A recent piece at UTalkMarketing discusses some of the key trends impacting the future of social commerce. Believing that there’s value in learning from other brands’ experiments in the space — and identifying what possibilities and options are available to brands looking to integrate ‘social’ into the core of their commerce systems — we’ve extracted and summarized some of the key observations from the piece:
- Facebook as both social and commercial channel: There’s a difference between selling products through a shop on Facebook, and selling products through a Facebook shop. The Facebook shop can invite comments and participation from friends before a user decides to ultimately purchase. The piece and its contributors cite retailer ASOS for its smart use of social commerce within Facebook. While several retailers currently encourage customers to share what they’ve bought from them, and to share photos wearing their finds across both their websites and Facebook pages, ASOS recently made a notable decision to launch a Facebook store that allows fans to browse, buy and share without leaving Facebook. Essentially, they brought their store directly to their page on the social network.
- The personal, mobile web also has a place in-store: QR codes and calls to action that lead to more interesting, educational product or lifestyle content, or a tool that allows users to gather their friends’ opinions before buying are ways of both recognizing that shoppers WILL do their own research while in store — and inviting them to derive value from doing so at your store.
- The social shopping cart: A personalized shopping cart — vs. a generic home page — can be populated and targeted to each individual visitor based on the purchases, ‘likes’ and recommendations of a user’s network and social interactions. Offering Facebook Connect as a ‘social sign in’ for visitors allows them to connect the site to their social network. Levi’s was amongst the first to implement this — though not yet linked to your personal network, they do feature products as ranked by total number of ‘Likes’ – which is, at least, a first step towards future personalization (we hope).
- From ‘targeted’ to ‘useful,’ and valuable: Targeting merchandise based on users’ behavior and data will continue to raise privacy concerns (which may explain Levi’s lack of personalization by connecting to your network); brands that want users to allow them to access and use their data need to demonstrate how this is valuable to, and benefits them. Allowing a site to connect to your social network could yield more relevant and interesting product recommendations and merchandise, weeding out the things that simply aren’t relevant to you (which may make more sense for retailers carrying a wider breadth of merchandise). A retailer can also demonstrate the value of more behaviorally-informed shopping by rewarding shoppers for their social interactions. Retailer Boden rewarded their community of shoppers for submitting offers and reviews, or for completing surveys, with loyalty points that could ultimately be converted into “money can’t buy gifts” including lunch with the company’s founder. Which leads us to…
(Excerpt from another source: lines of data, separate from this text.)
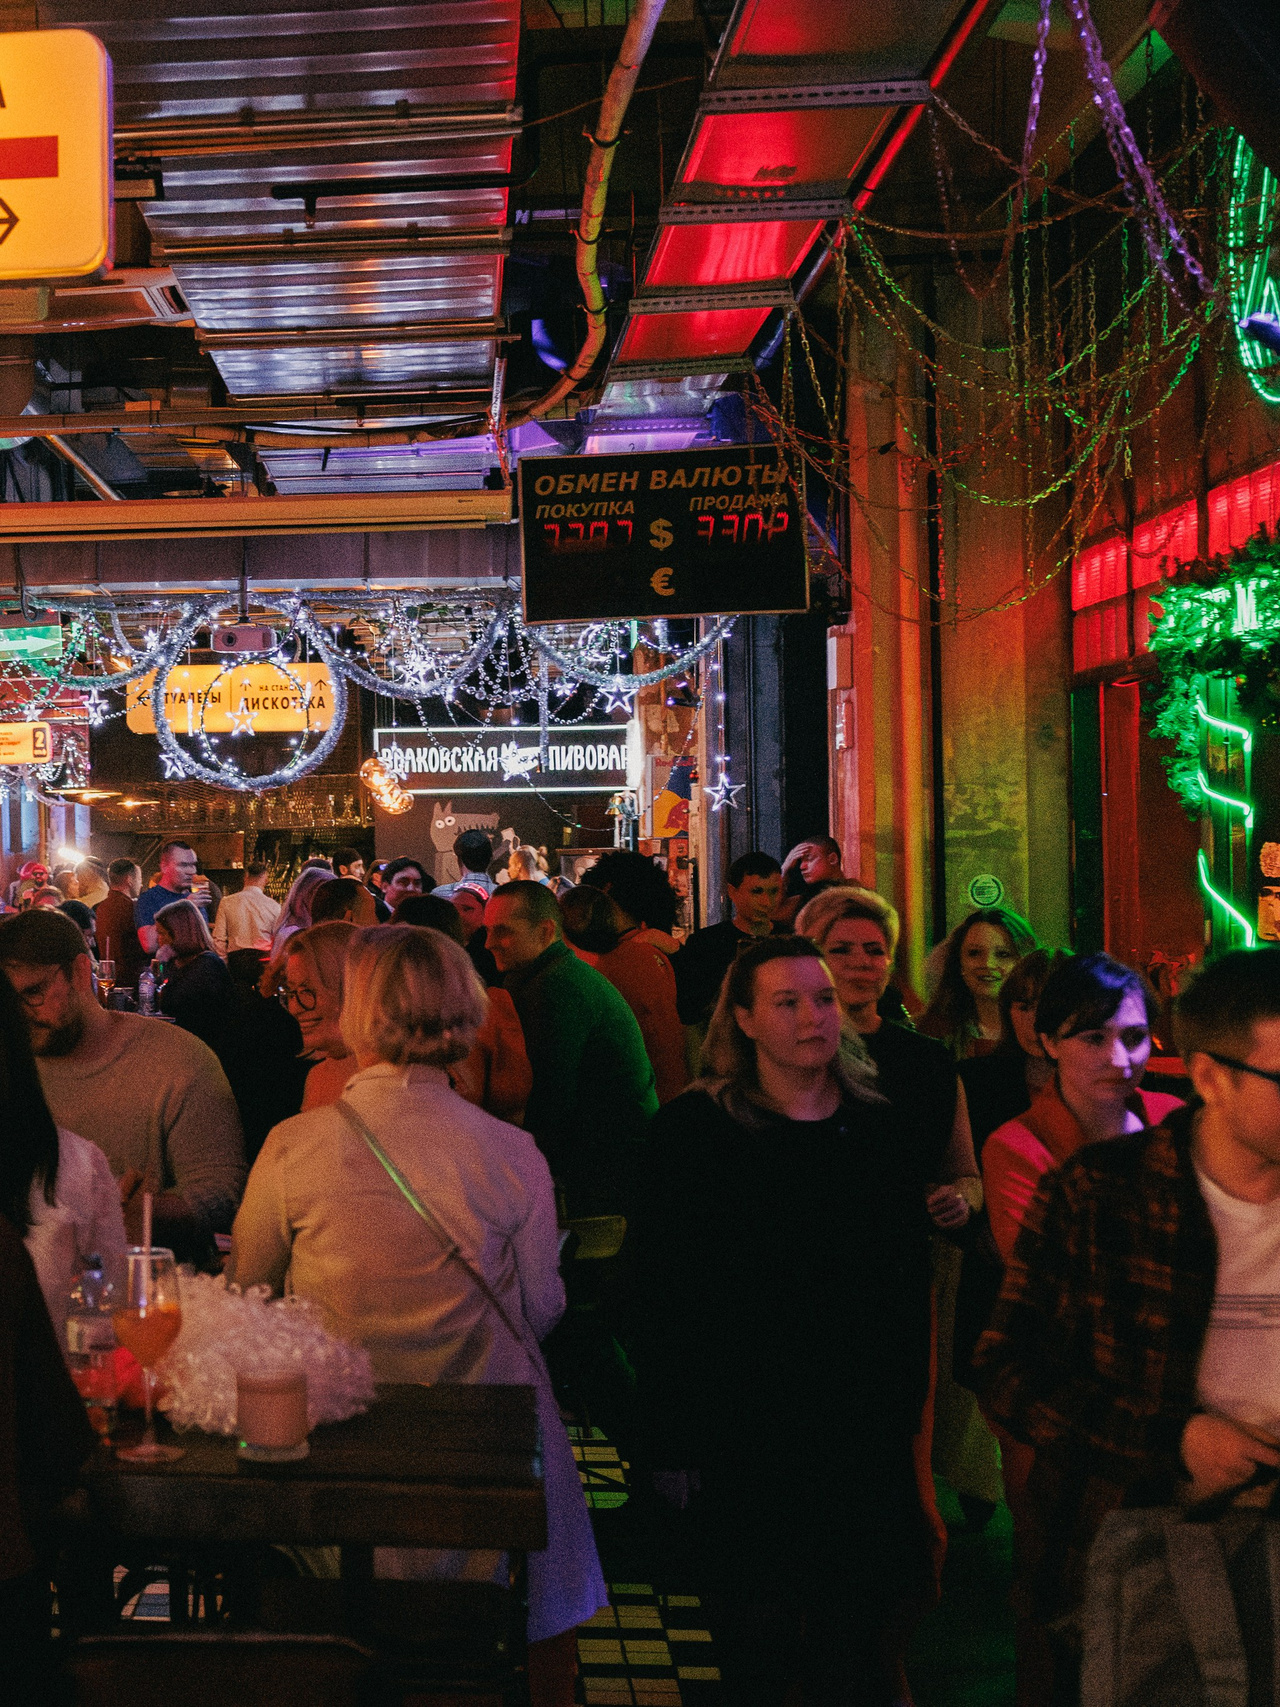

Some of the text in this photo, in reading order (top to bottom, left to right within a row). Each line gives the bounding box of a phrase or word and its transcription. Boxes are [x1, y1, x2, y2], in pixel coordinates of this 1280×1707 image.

[533, 463, 789, 496] ОБМЕН ВАЛЮТЫ
[535, 500, 635, 519] ПОКУПКА
[689, 492, 789, 512] ПРОДАЖА
[649, 518, 674, 551] $
[650, 566, 676, 597] €
[271, 684, 307, 692] СТАН
[163, 692, 221, 704] ТУАЛЕТЫ
[34, 730, 45, 748] 2
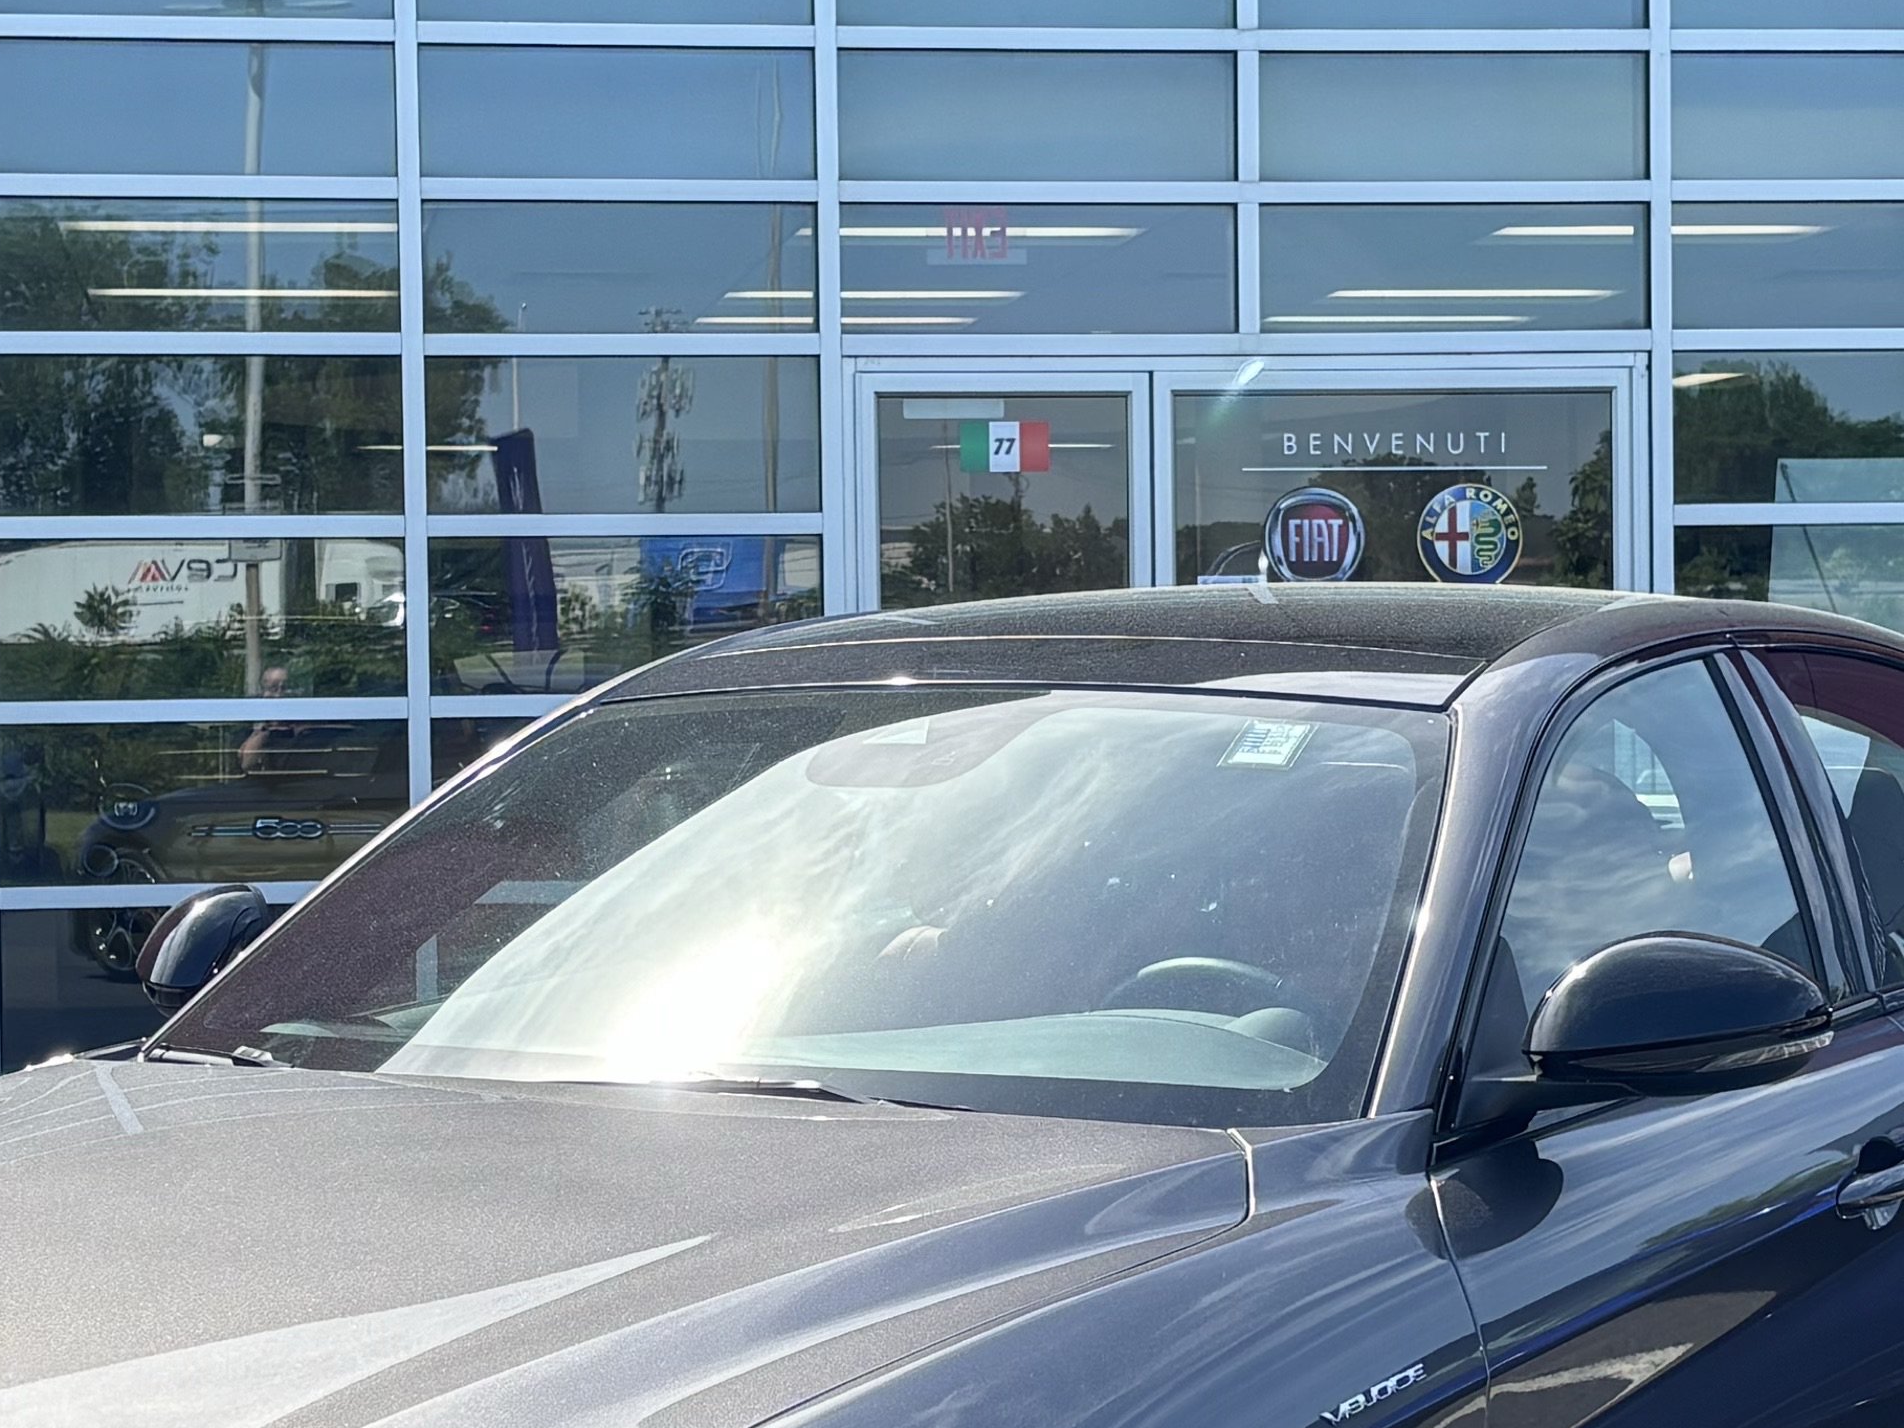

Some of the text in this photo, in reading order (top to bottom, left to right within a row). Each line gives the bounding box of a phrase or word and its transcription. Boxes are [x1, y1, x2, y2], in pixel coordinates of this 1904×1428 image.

[993, 437, 1016, 456] 77
[1283, 432, 1506, 455] BENVENUTI
[1421, 487, 1519, 542] ALFA ROMEO
[1287, 518, 1344, 562] FIAT
- Rewarding interactions as key to social commerce: at the root of any business transaction is a value exchange. This equally applies to social commerce — if you want your shoppers talking about you to each other you need to be prepared to reward them for it, and to continue to build in incentives and rewards for those most loyal brand ‘ambassadors.’ Consider it a more qualified Cost Per Acquisition (CPA) than what you spend on media (and oftentimes can’t qualify the value of each new acquisition).
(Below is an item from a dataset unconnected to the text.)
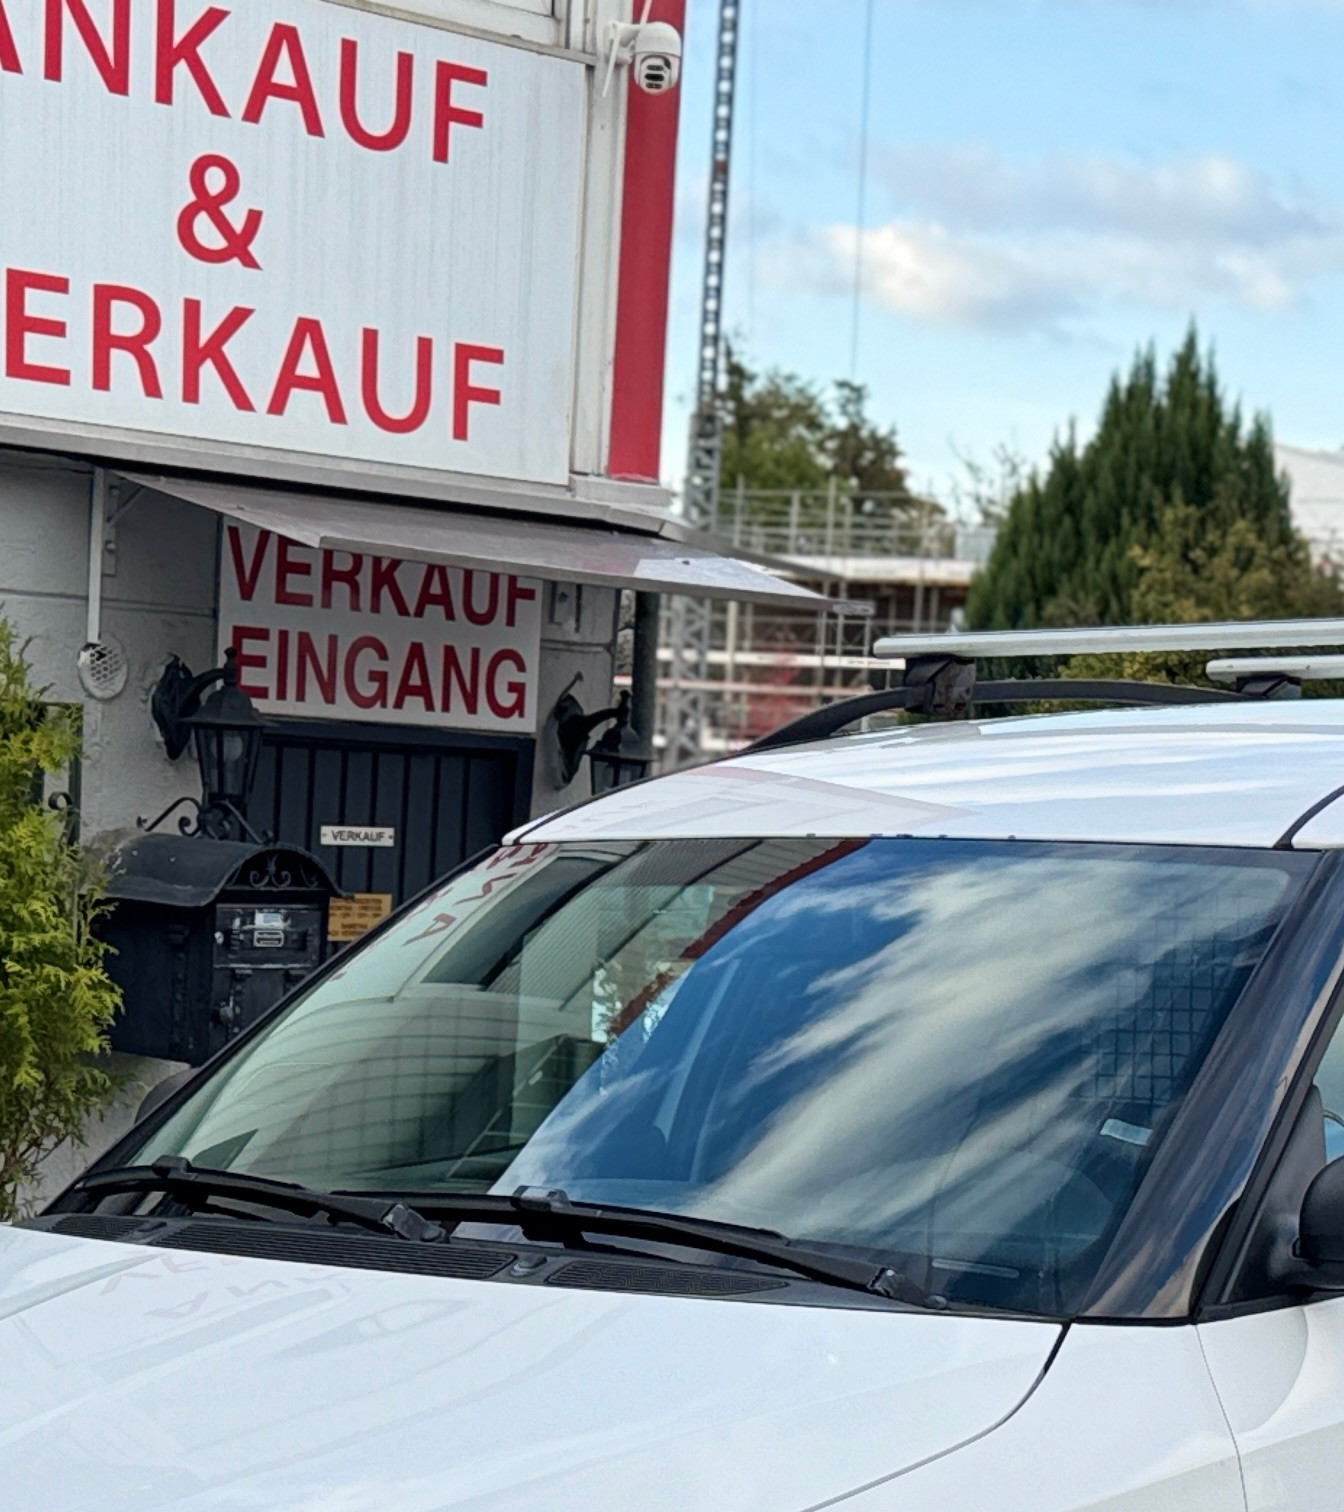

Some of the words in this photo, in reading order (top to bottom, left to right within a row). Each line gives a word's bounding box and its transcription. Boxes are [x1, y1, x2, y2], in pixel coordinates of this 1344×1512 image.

- The introduction of a single social currency?: Could Facebook credits be it? Will digital payment solutions finally deliver across both mobile and at keyboards? Time will tell how these are adopted and permeated by businesses, developers and consumers alike.
Lastly, we stumbled onto a very relevant piece today, with data indicating that Facebook Stores deliver the same sales rates as web sites. This may be preliminary (we haven’t yet delved into the data, inquired whether there was any cannibalization or give-and-take in profitability across platforms, or how it was compiled) but could offer initial support for the importance, and business promise, of social commerce.